Es sind diese Beobachtungen, die auch den frühen Hardy zu einem aufregenden Autoren seiner Zeit machen. Und gelingt es dem geneigten Leser, mehr noch der geneigten Leserin, über gelegentliche Anflüge allzu offensichtlicher Klischees wie dem angeblichen „Instinkt der Nachahmung, der den Frauen eigen ist“ (S.310) oder dem „Großmut einer Frau, deren Selbstsucht ihr statt Liebe nur Kummer eingetragen hat“ (S.333) hinwegzusehen, bleibt er auch für uns Heutige ein aufregender, weil genauer Autor, der psychologisch treffend den Mensch seiner Zeit, zumindest den männlichen, zu beschreiben und zu analysieren versteht. Die Frau, gerade Bathsheba, ist eine Idealvorstellung, scheint es. Hardy begreift sie als Charakter sehr genau, er versteht es, sie mit Würde auszustatten, vor allem aber lässt er sie, ohne daß sie dies als rebellische Natur oder Aufwieglerin wider den Zeitgeist auszeichnen würde, als eine eigenständige und starke Frau auftreten. Sie macht Fehler und Hardy gesteht ihr genau das zu – daß sie, wie alle Menschen, Fehler macht, aus diesen lernt und sie bereut. Doch leitet er daraus weder eine Schuld ab – dies tut Boldwood – noch, daß aus weiblichen Fehlern männliche Ansprüche erwachsen. In dieser Betrachtung ist Thomas Hardy seiner Zeit dann wirklich weit voraus.

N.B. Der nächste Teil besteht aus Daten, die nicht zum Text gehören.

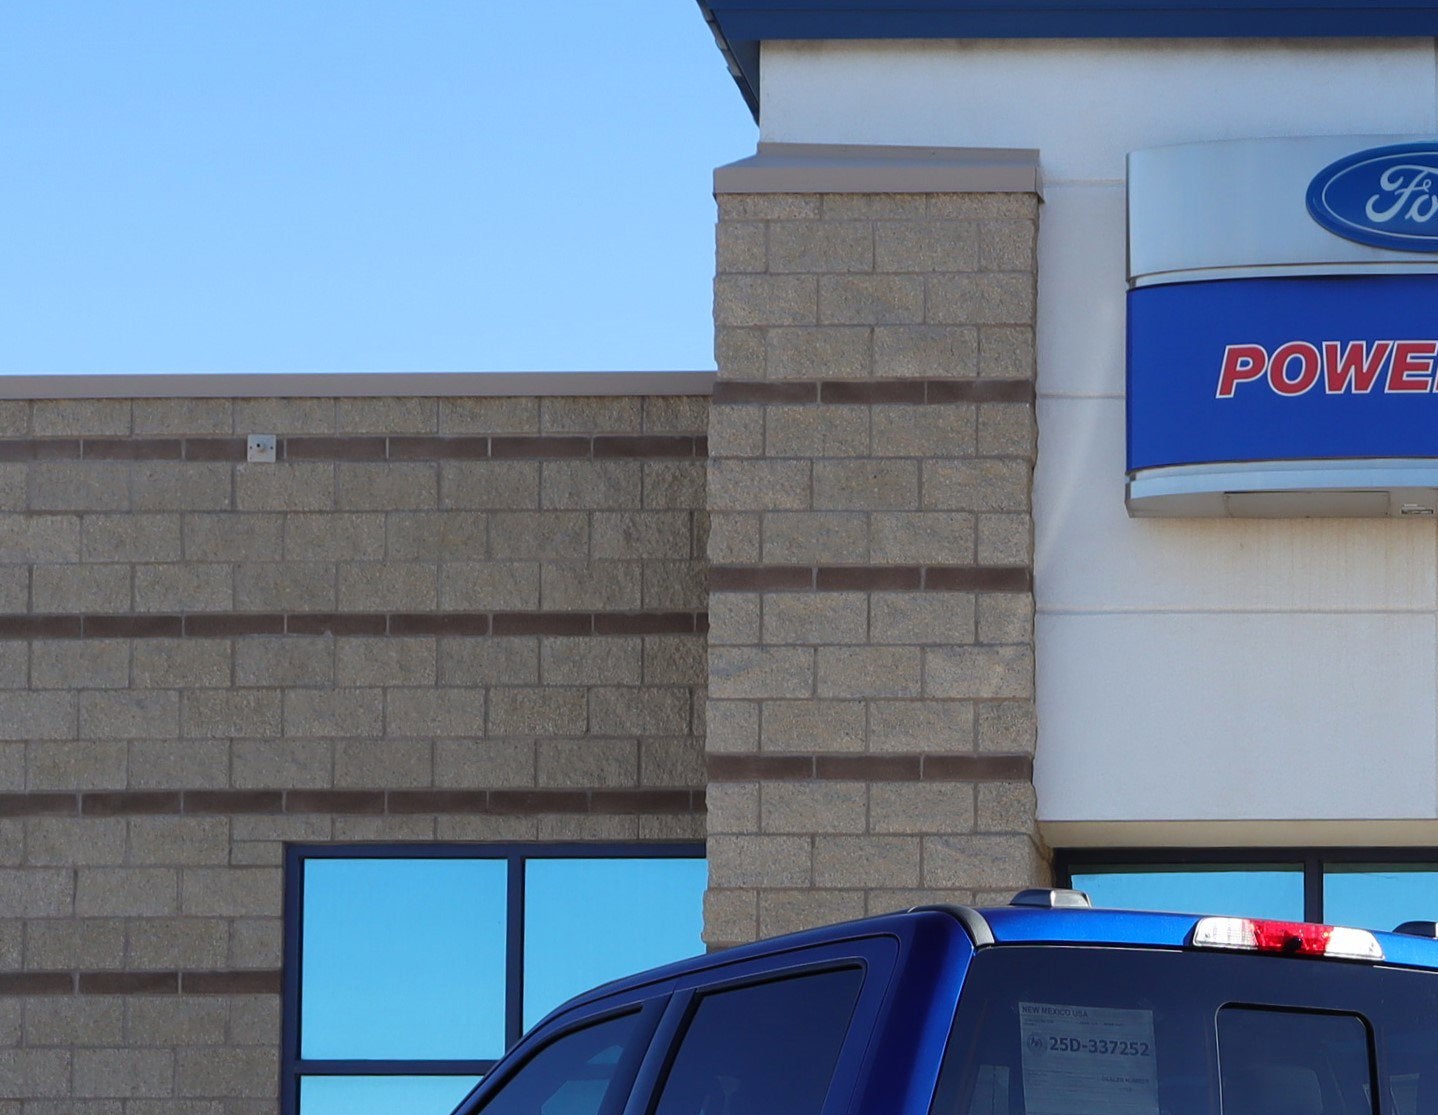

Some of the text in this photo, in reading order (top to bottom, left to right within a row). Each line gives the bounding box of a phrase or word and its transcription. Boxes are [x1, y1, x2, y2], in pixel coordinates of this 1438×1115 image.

Manches Mal mit Dickens verglichen, ist Hardy in vielem doch eher an einer realistischen Beschreibung seiner Wirklichkeit gelegen, sind seine Typen weniger karikaturistisch wie das Dickens´sche Panoptikum der Mr. Bubbles´, Artful Dodger, Ebenezer Scrooge, Uriah Heep, Magwitch und wie sie alle heißen mögen – Figuren, die ob ihrer exemplarischen Natur oftmals fest in der englischen Alltagskultur verankert sind. Hardys Figuren mögen manches Mal ähnlich stereotyp sein, gelten sie doch oft sogar als reine Vehikel, die Ansichten des Autors zu transportieren, immer aber wirken sie näher an der Realität, verbundener mit der Lebenswirklichkeit des Autors und damit auch des Lesers. Es sind Charaktere, die der Leser erfassen und zu unterscheiden versteht jenseits von eingängigen Namen und Zügen der Karikatur. Und so sind ihre Handlungen auch als Nebenfiguren durchaus ergreifend und auf manchmal schmerzhafte Weise nachvollziehbar. Mag es auch so scheinen, reine Funktionsträger sind sie nicht.

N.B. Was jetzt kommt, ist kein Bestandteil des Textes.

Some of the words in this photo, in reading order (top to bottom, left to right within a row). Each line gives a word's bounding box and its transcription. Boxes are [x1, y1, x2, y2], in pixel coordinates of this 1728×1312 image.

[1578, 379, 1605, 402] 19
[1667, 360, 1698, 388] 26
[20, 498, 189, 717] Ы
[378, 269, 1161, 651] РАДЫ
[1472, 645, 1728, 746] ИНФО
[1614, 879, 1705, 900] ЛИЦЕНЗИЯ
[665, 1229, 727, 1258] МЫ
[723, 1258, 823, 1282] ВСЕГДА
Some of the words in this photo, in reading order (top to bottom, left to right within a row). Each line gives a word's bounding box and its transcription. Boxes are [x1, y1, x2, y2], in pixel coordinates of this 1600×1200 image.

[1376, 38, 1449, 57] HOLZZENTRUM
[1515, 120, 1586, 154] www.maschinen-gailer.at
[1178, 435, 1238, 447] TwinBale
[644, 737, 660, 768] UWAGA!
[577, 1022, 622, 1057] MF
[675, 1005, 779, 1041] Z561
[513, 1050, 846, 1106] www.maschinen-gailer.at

Auch ist Hardys Humor hintergründiger, weniger satirisch, dafür aber manches Mal treffend zynisch und gelegentlich wie erwähnt schon boshaft. Hier, in FAR FROM THE MADDING CROWD, gelingt es ihm wahrlich meisterlich, den anfänglichen Humor mit dem zunehmenden Drama der Handlung zurücktreten zu lassen, ohne daß der Roman an der einen oder der anderen Stelle unter dem Humor oder einem Mangel daran litte. Hardys spätere Werke weisen diese Art des Humors weniger auf, oft ist er einem  durchaus bitteren Blick auf eine Welt gewichen, die in dem engen Korsett einer rigiden Moral zu ersticken droht. So findet man hier einen schönen Einstieg in die Welt dieses wunderbaren und manchmal auch wunderlichen Wessex, das sich Thomas Hardy aus den Grafschaften Dorset, Hampshire, Devon und Somerset zusammenbastelte und dem er in seinen Romanen ein wundervolles Denkmal setzte, in dem die tiefe Liebe zur englischen Landschaft, der Natur und den Wundern, die dieses Land zu bieten weiß, in grandiosen Landschaftsbeschreibungen zum Ausdruck kam. Beschreibungen, die seinen Beobachtungen der menschlichen Natur in nichts nachstanden.

Ein frühes Meisterwerk eines meisterlichen Autors des an meisterlichen Autoren so reichen 19. Jahrhunderts.